Biochemical analyses indicate that the levels of Ser129-phosphorylated α-syn are significantly higher in the brains of middle-aged mice than in the brains of young mice. Histological analysis of brain sections revealed a significant increase in the number of Ser129-phosphorylated α-syn-positive neurons in the motor cortex, but not in the nigrostriatum of middle-aged mice. Moreover, the increased Ser129-phosphorylated α-syn accumulation in the motor cortex was accompanied by a significant reduction in the levels of vesicular glutamate transporter 1 (VGluT1), a maker of glutamatergic neurons [53,54,55,56], in the motor cortices.
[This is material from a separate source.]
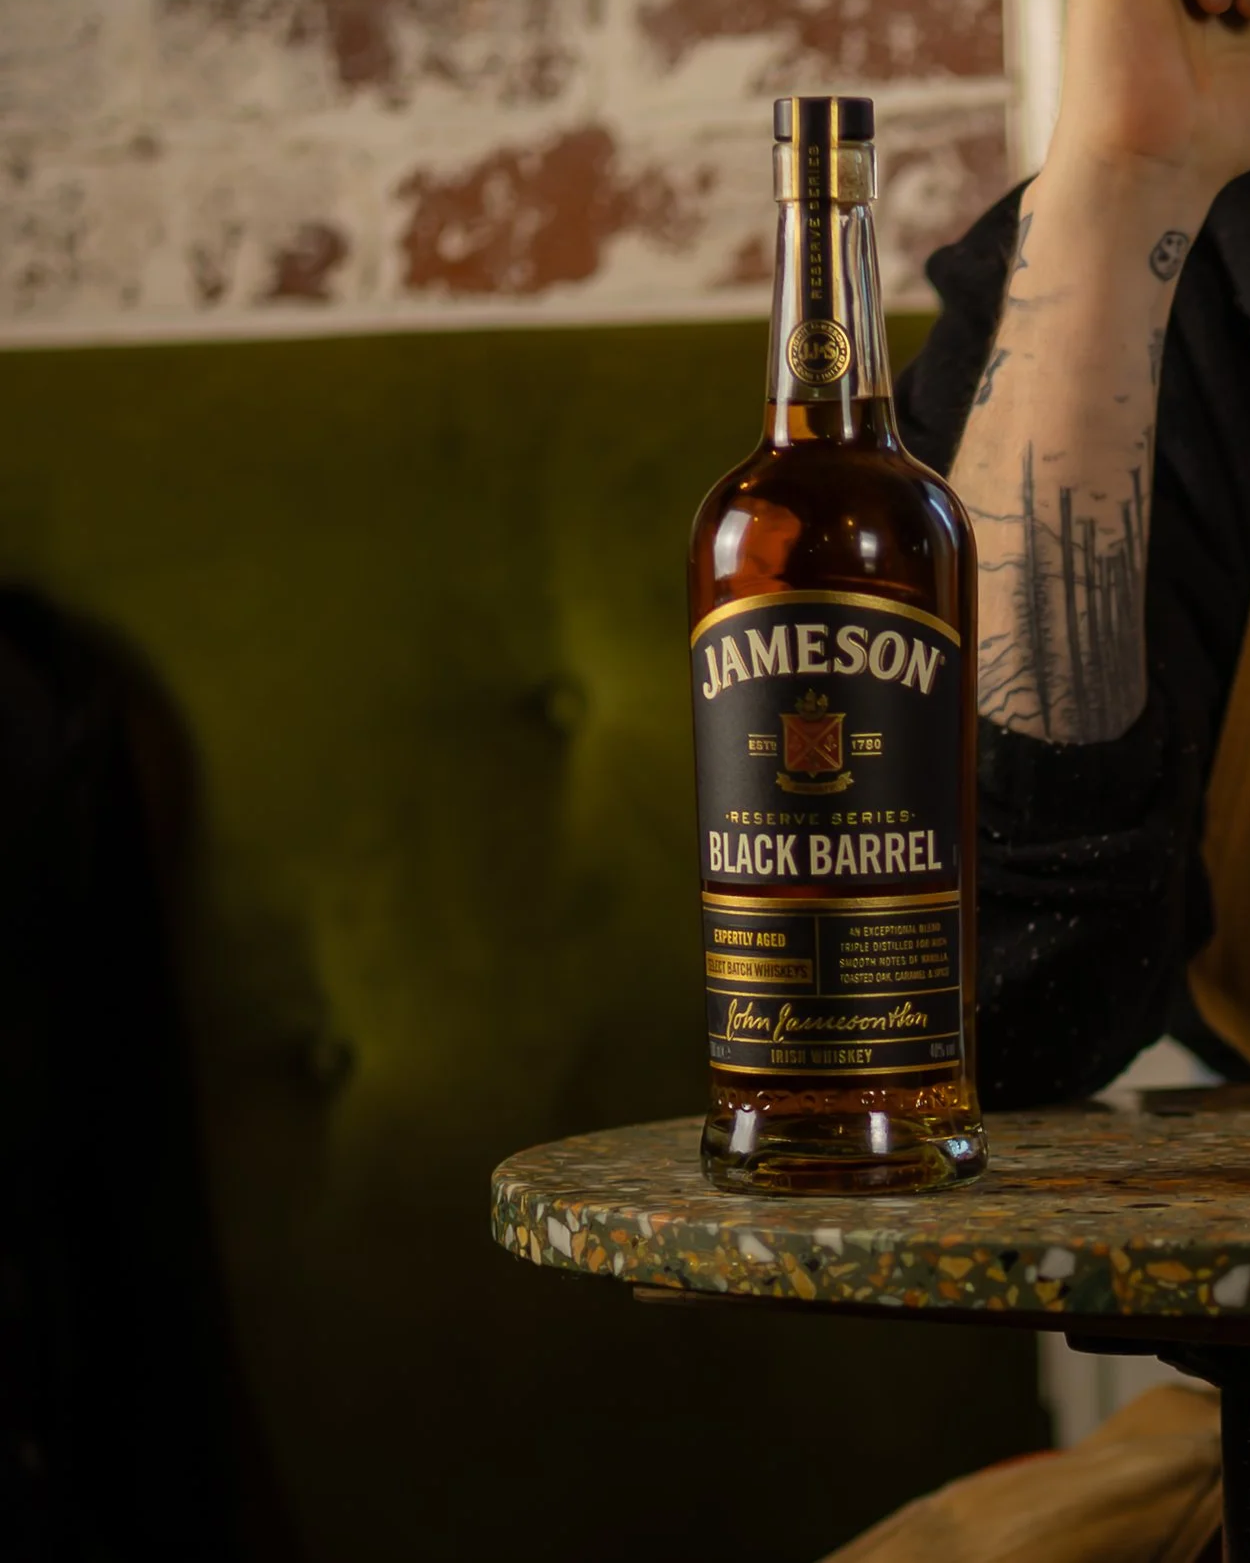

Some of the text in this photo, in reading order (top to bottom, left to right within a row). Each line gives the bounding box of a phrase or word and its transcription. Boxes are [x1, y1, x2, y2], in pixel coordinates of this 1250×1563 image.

Mitochondrial dysfunction in PD is frequently accompanied by motor impairment, which is characterized by the cardinal motor symptoms of resting tremor, rigidity, and bradykinesia, and refers to a slowness of movement [57,58,59]. Several behavioral tests, including the pole test (PT) [60,61,62,63], open-field test (OFT) [64,65,66], and home-cage test (HCT) [65,67,68], indicate that middle-aged (15-month-old) mice exhibit a slowness of movement and reduced exploratory and voluntary locomotor activities compared to young (six-month-old) mice [12]. However, general exploratory activity is not significantly different between young and middle-aged mice [12].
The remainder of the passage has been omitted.